English cricketer and umpire

William Reeves (22 June 1875 – 22 March 1944) was an English cricketer, who at the conclusion of his playing career became an umpire, officiating in five Test Matches. According to Dudley Carew he was "the Sam Weller of umpires, quick of retort, ingenious of smile, unfailing in friendliness". R.C. Robertson-Glasgow wrote: "If silence or dullness fell upon the game, there was Bill Reeves to put it right."

== Playing career ==
Bill Reeves was a medium-pace bowler and a useful hard-hitting batsman who played for Essex from 1897 to 1921, having begun by joining the groundstaff at Leyton Cricket Ground, which was then the county's headquarters. His best years with the bat were 1905 and 1906. In the former season he reached 1,000 runs for the only time, with 1174 at an average of 29.35, and scored two of his three hundreds. His career highest score of 135 came against Lancashire in only two hours. He also scored 71 out of 90 in 50 minutes against the powerful Yorkshire side, assisting Essex to a score of 521. Yorkshire had to follow-on, and had seven wickets down in their second innings at the end of the game. He scored his other century the following year, 104 against Sussex, when he and Claude Buckenham added 163 for the eighth wicket in only seventy minutes.

In 1901 he took the last five Derbyshire wickets in 11 balls without conceding a run. His most productive season with the ball was 1904, when he took 106 wickets at 26.16, the only occasion when he reached 100 wickets. He took five wickets or more in an innings 11 times that season, and ten or more in a match on three occasions. In 1907 against Nottinghamshire he and Walter Mead bowled unchanged through both innings. From 1910 to 1913 he played in no more than nine matches in any season, but as late as 1920 – when he became 45 years of age – he surprisingly took 62 wickets at 22.59, including the best innings figures of his career, 7/33. He only played in four matches in 1921, his final year and benefit season.

== Umpiring career ==
He umpired in one match in 1920, and then – following his retirement as a player – regularly from 1921 to 1939. His five Tests were in 1924 (two matches, England v South Africa), 1926 (one match, England v Australia), 1937 (one match, England v New Zealand) and 1939 (one match, England v West Indies). He was also due to stand in the 1938 England v Australia match at Old Trafford, but it was abandoned without a ball being bowled.

He was renowned for his witticisms. When a batsman protested that he was not out, Reeves responded: "Weren't you?
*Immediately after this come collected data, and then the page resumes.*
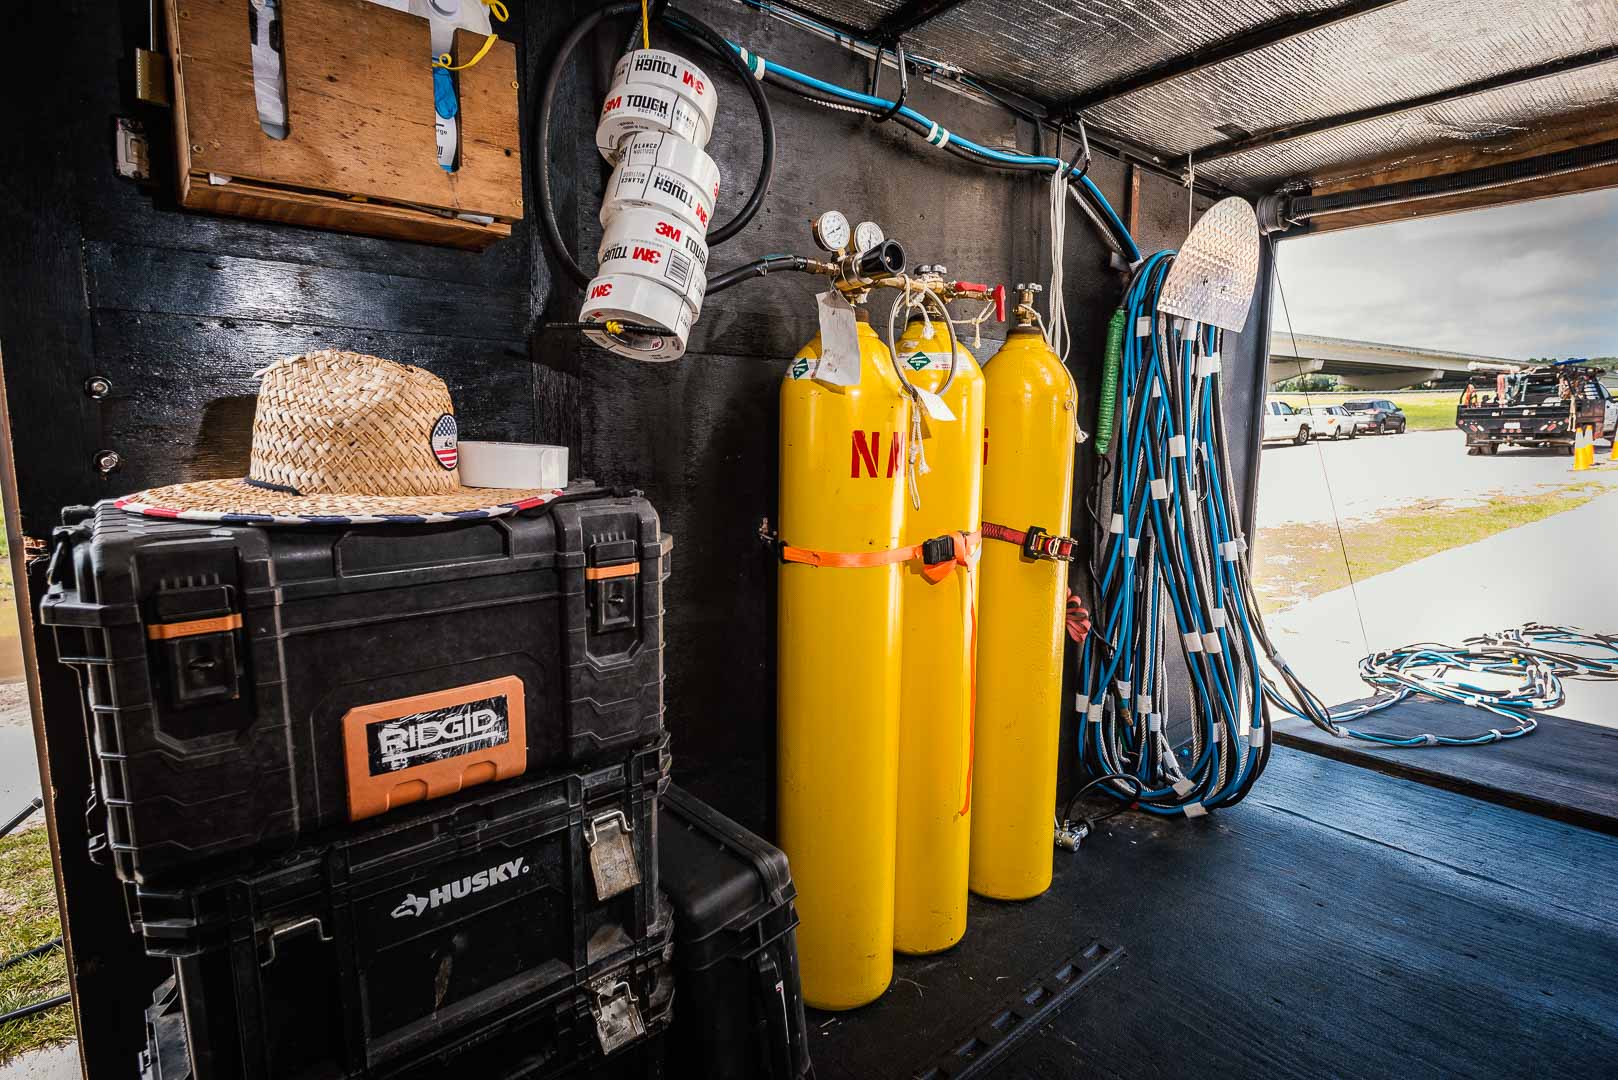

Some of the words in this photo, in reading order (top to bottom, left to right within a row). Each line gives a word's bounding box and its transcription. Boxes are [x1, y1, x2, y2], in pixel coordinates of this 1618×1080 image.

[635, 59, 678, 78] TOUGH
[682, 70, 705, 95] 3M
[603, 96, 622, 114] 3M
[627, 95, 668, 114] TOUGH
[653, 176, 693, 208] TOUGH
[655, 221, 682, 242] 3M
[632, 247, 661, 264] 3M
[591, 283, 612, 299] 3M
[378, 709, 498, 755] RIDGID
[429, 857, 524, 908] HUSKY
Wait till you see the papers in the morning." When he thought that a bowler was appealing too often, he observed: "There's only one man who appeals more than you do." "Oh, who's that?" the bowler innocently asked. "Doctor Barnardo," said Reeves.

In 1931 he got into trouble when, in a rain-affected match, he and his fellow umpire allowed the two captains to make freak declarations in order to try to produce a definite result. The authorities decided that Law 54 had been broken. As a result, he, the other umpire and both captains were summoned to Lord's. The match had been played in Wales and Reeves said: "That rule doesn't apply, sir. We were in a foreign country."